Water heaters make people boil

By Walter Jowers

JULY 13, 1998:  There's something funny about water heaters. From everything I can tell, each American water heater is what scientific types call a chaotic attractor. Think of it this way: At any given house, you'd expect all the trouble to be spread out more or less evenly, like marbles thrown onto a round trampoline. But then some buckethead comes along and drops a big, heavy water heater into the middle of the trampoline. The trouble rolls into the low spot and crowds around the water heater. Got that?

Water heaters are trouble attractors mainly because they're so screwed up themselves. I swear, sometimes I think there's a special school out there that trains people to mess up water heater installations. Candidates are drilled, over and over again, on the wrong way to do things. You're not getting out of THIS school, Bubba, until you get it WRONG.

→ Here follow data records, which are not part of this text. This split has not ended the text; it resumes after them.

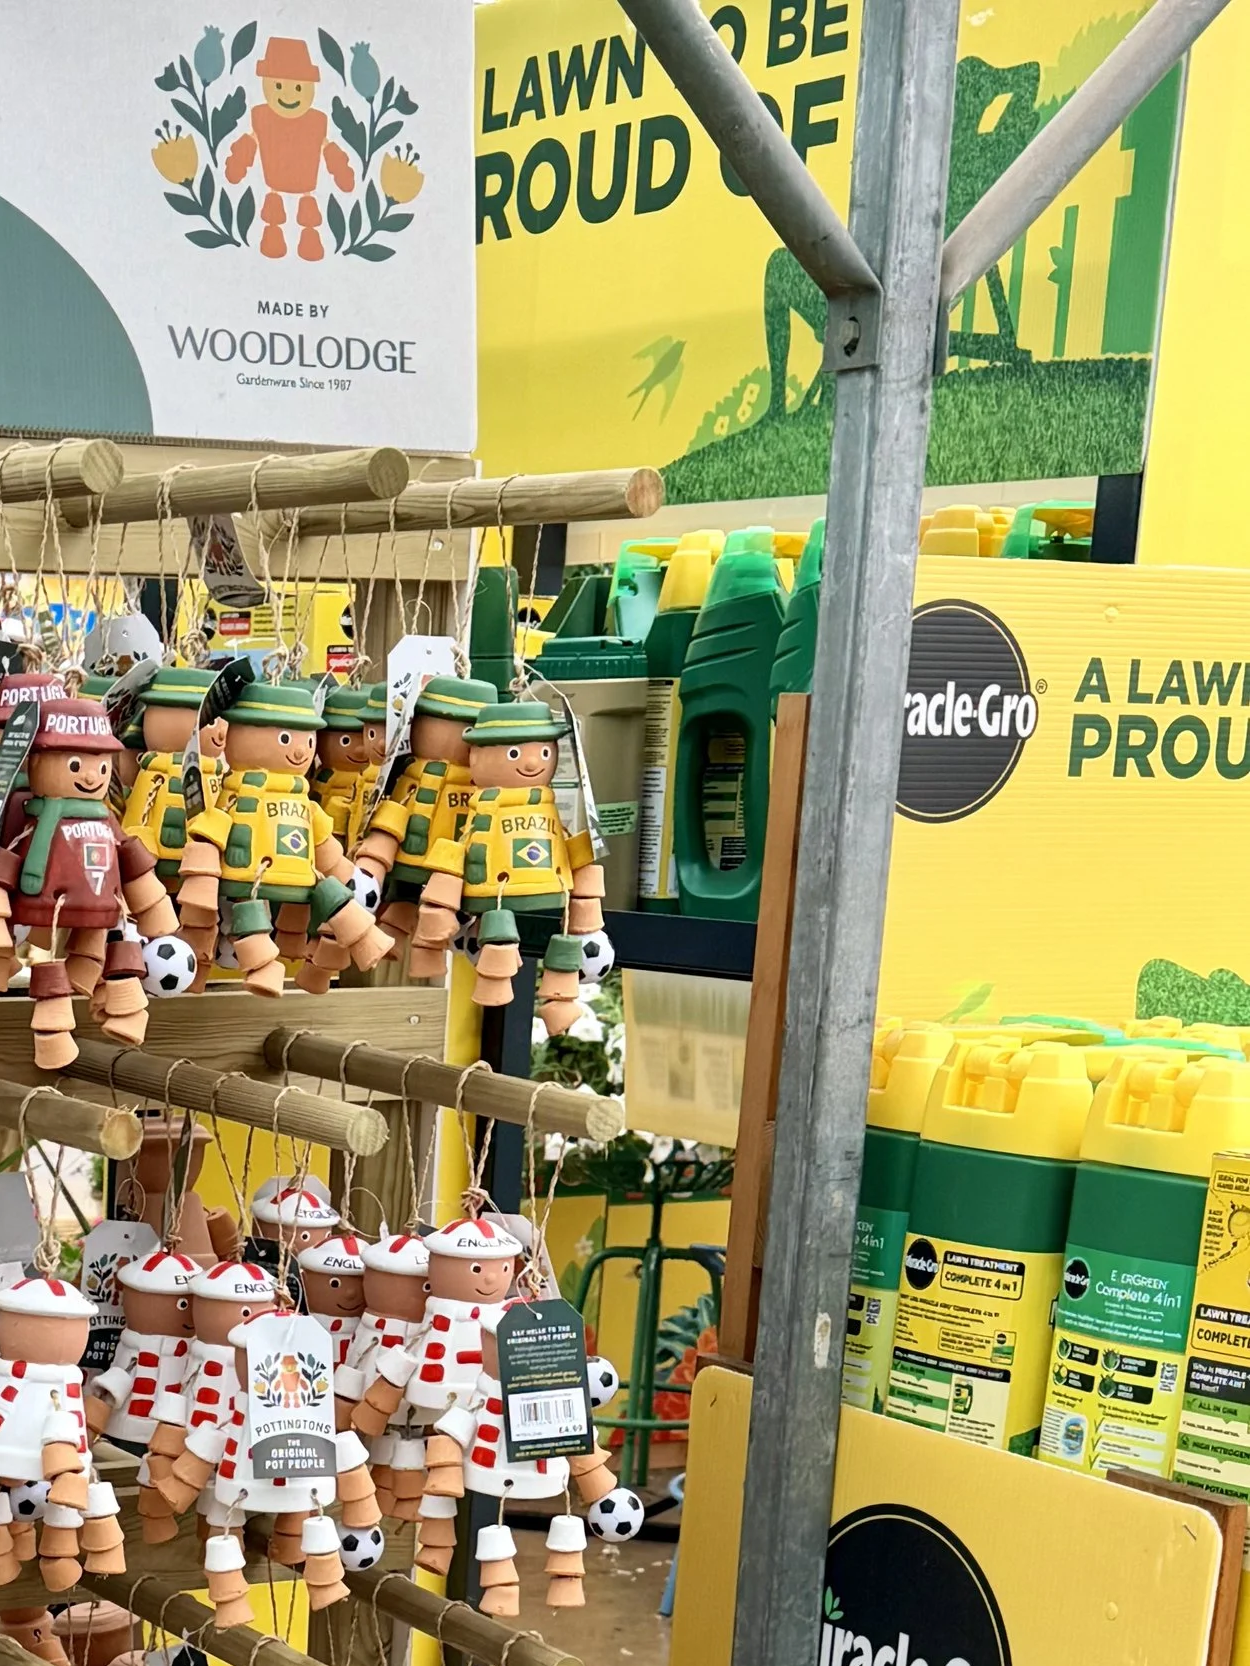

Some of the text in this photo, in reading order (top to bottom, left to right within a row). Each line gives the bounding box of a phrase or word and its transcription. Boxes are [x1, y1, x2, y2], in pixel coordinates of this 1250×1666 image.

[481, 0, 849, 133] LAWN BE
[257, 300, 329, 318] MADE BY
[168, 324, 417, 375] WOODLODGE
[236, 373, 352, 391] Gardenware Since 1987
[1074, 658, 1111, 702] A
[502, 816, 558, 835] BRAZIL
[91, 870, 105, 895] 7
[947, 1255, 1018, 1272] LAWN TREATMENT
[945, 1272, 1017, 1291] COMPLETE 4 1
[1096, 1281, 1181, 1308] Complete 4in1
[1200, 1308, 1227, 1320] LAWN
[86, 1351, 102, 1361] POT
[255, 1419, 331, 1436] POTTINGTONS
[272, 1448, 318, 1458] ORIGINAL
[265, 1459, 325, 1469] POT PEOPLE

Surely, it takes special training to mess up the installation of a water heater's temperature-and-pressure valve. The T&P valve is designed to open up should the water heater become overheated or overpressured. The idea is to prevent a king-hell, house-demolishing explosion. First step to installing the T&P valve: Just screw the thing in.

Second step: Install a discharge line. The discharge line is just a pipe that will carry away hot water and steam if the T&P valve blows. Every T&P valve comes with a big yellow instruction tag, which explains how to install the discharge line. Basically, it comes down to this: Attach a piece of copper pipe to the valve and run it straight down. Cut the pipe off about a foot above the floor. Job done.

But I'm here to tell you, buckethead installers find dozens of ways to screw this up. For instance, they use PVC pipe, which isn't even suitable for regular hot water, let alone hot-enough-to-blow-up-your-house water. Or they run the dang pipe uphill, which will block the outflow.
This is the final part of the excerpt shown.